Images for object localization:

════════

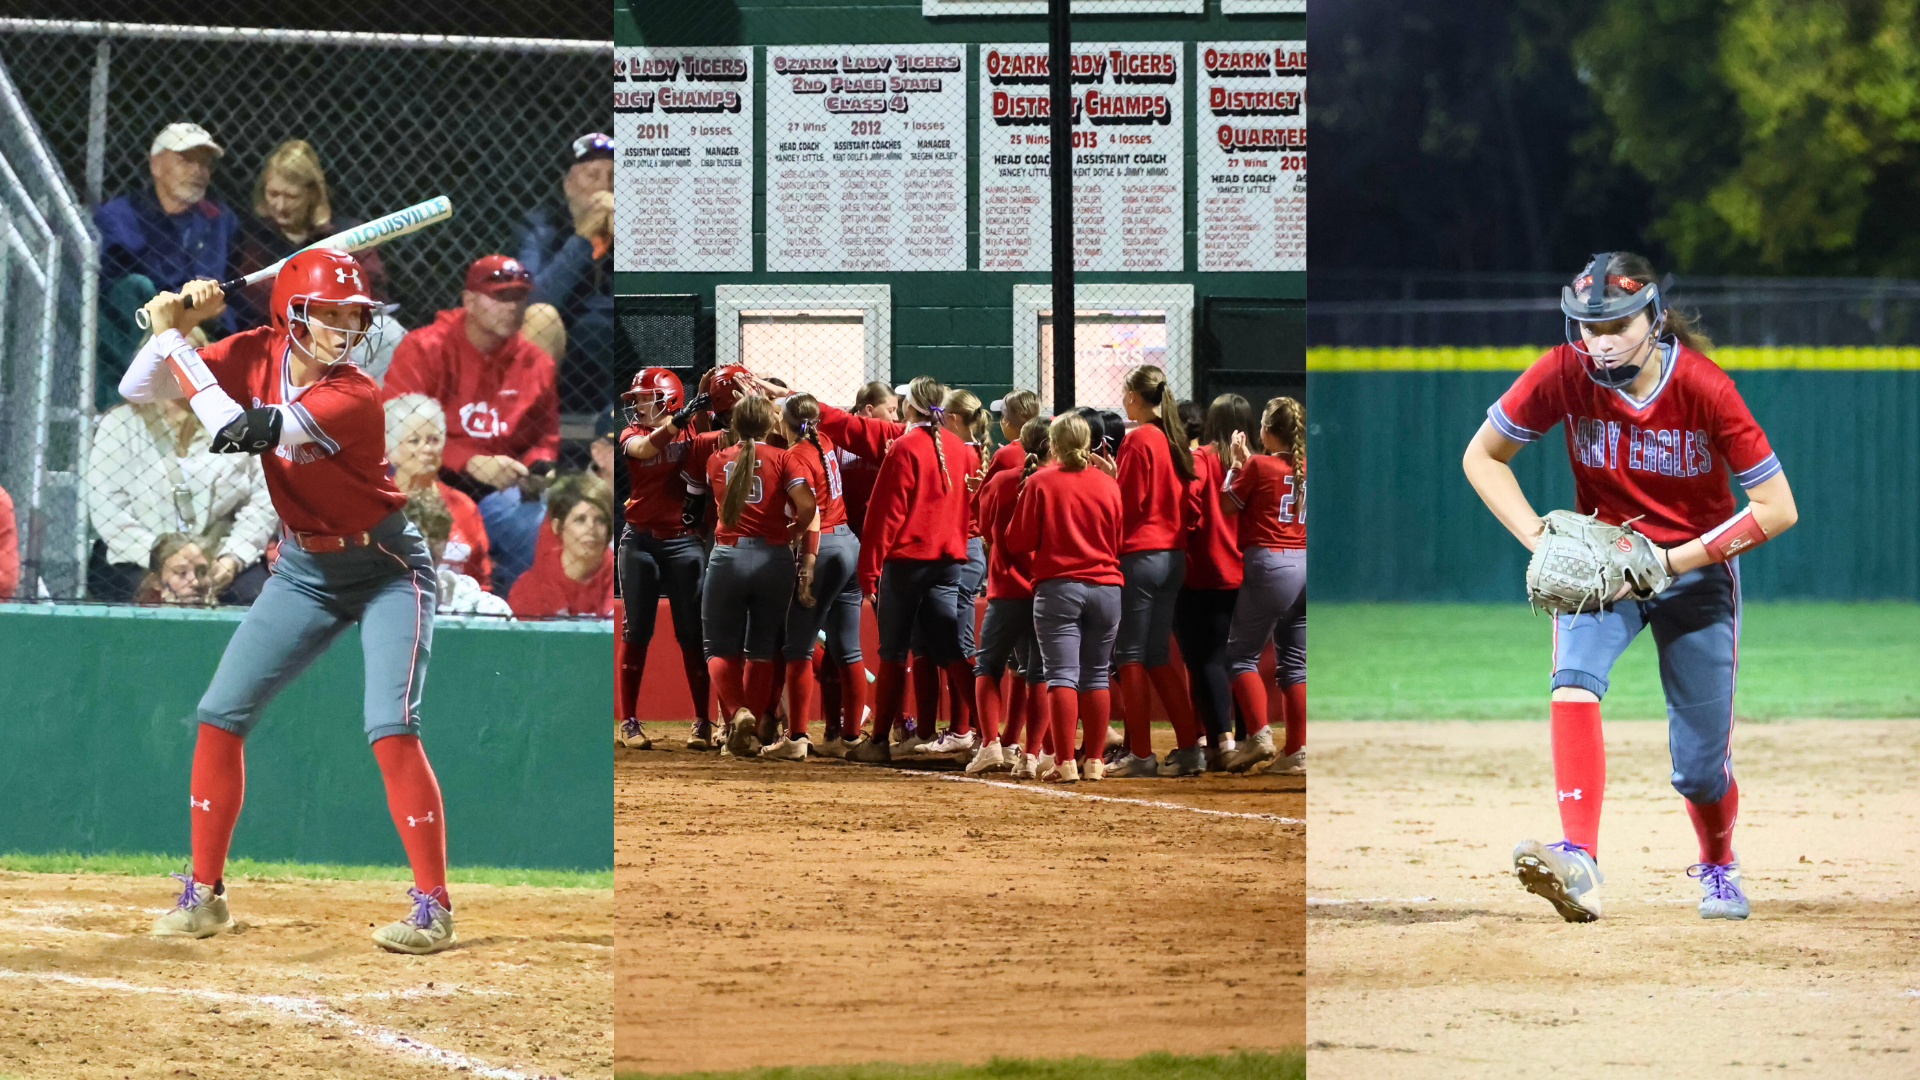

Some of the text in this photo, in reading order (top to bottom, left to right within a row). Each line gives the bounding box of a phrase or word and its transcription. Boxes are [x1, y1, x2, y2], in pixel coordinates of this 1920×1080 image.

[630, 55, 678, 78] LADY
[682, 55, 746, 79] TIGERS
[774, 55, 959, 72] OZARK LADY TIGERS
[987, 50, 1175, 80] OZARK ADY TIGERS
[1204, 48, 1271, 76] OZARK
[831, 77, 885, 92] PLACE
[890, 77, 940, 91] STATE
[658, 87, 739, 111] CHAMPS
[826, 96, 907, 112] CLASS 4
[1210, 87, 1299, 115] DISTRICT
[993, 89, 1170, 123] DISTRT CHAMPS
[637, 124, 669, 139] 2011
[691, 125, 732, 136] 9 losses
[788, 123, 799, 132] 27
[851, 121, 881, 135] 2012
[834, 140, 901, 150] ASSISTANT COACHES
[918, 140, 950, 149] MANAGER
[1011, 134, 1050, 144] 25 Wins
[1071, 131, 1097, 148] 013
[1110, 134, 1152, 144] 4 losses
[625, 148, 690, 156] ASSISTANT COACHES
[706, 147, 739, 156] MANAGER
[780, 142, 819, 151] HEAD COACH
[995, 155, 1050, 164] HEAD COAC
[1077, 153, 1166, 164] ASSISTANT COACH
[1228, 159, 1267, 168] 27 Wins
[1074, 168, 1090, 177] KENT
[1212, 175, 1276, 183] HEAD COACH
[353, 200, 447, 246] LOUISVILLE
[1629, 424, 1711, 477] EAGLES

════════

DIRECTIONS: Reproduce the entries above exactly, though not their pictures.

FINISHED TASK:
Some of the text in this photo, in reading order (top to bottom, left to right within a row). Each line gives the bounding box of a phrase or word and its transcription. Boxes are [x1, y1, x2, y2], in pixel coordinates of this 1920×1080 image.

[630, 55, 678, 78] LADY
[682, 55, 746, 79] TIGERS
[774, 55, 959, 72] OZARK LADY TIGERS
[987, 50, 1175, 80] OZARK ADY TIGERS
[1204, 48, 1271, 76] OZARK
[831, 77, 885, 92] PLACE
[890, 77, 940, 91] STATE
[658, 87, 739, 111] CHAMPS
[826, 96, 907, 112] CLASS 4
[1210, 87, 1299, 115] DISTRICT
[993, 89, 1170, 123] DISTRT CHAMPS
[637, 124, 669, 139] 2011
[691, 125, 732, 136] 9 losses
[788, 123, 799, 132] 27
[851, 121, 881, 135] 2012
[834, 140, 901, 150] ASSISTANT COACHES
[918, 140, 950, 149] MANAGER
[1011, 134, 1050, 144] 25 Wins
[1071, 131, 1097, 148] 013
[1110, 134, 1152, 144] 4 losses
[625, 148, 690, 156] ASSISTANT COACHES
[706, 147, 739, 156] MANAGER
[780, 142, 819, 151] HEAD COACH
[995, 155, 1050, 164] HEAD COAC
[1077, 153, 1166, 164] ASSISTANT COACH
[1228, 159, 1267, 168] 27 Wins
[1074, 168, 1090, 177] KENT
[1212, 175, 1276, 183] HEAD COACH
[353, 200, 447, 246] LOUISVILLE
[1629, 424, 1711, 477] EAGLES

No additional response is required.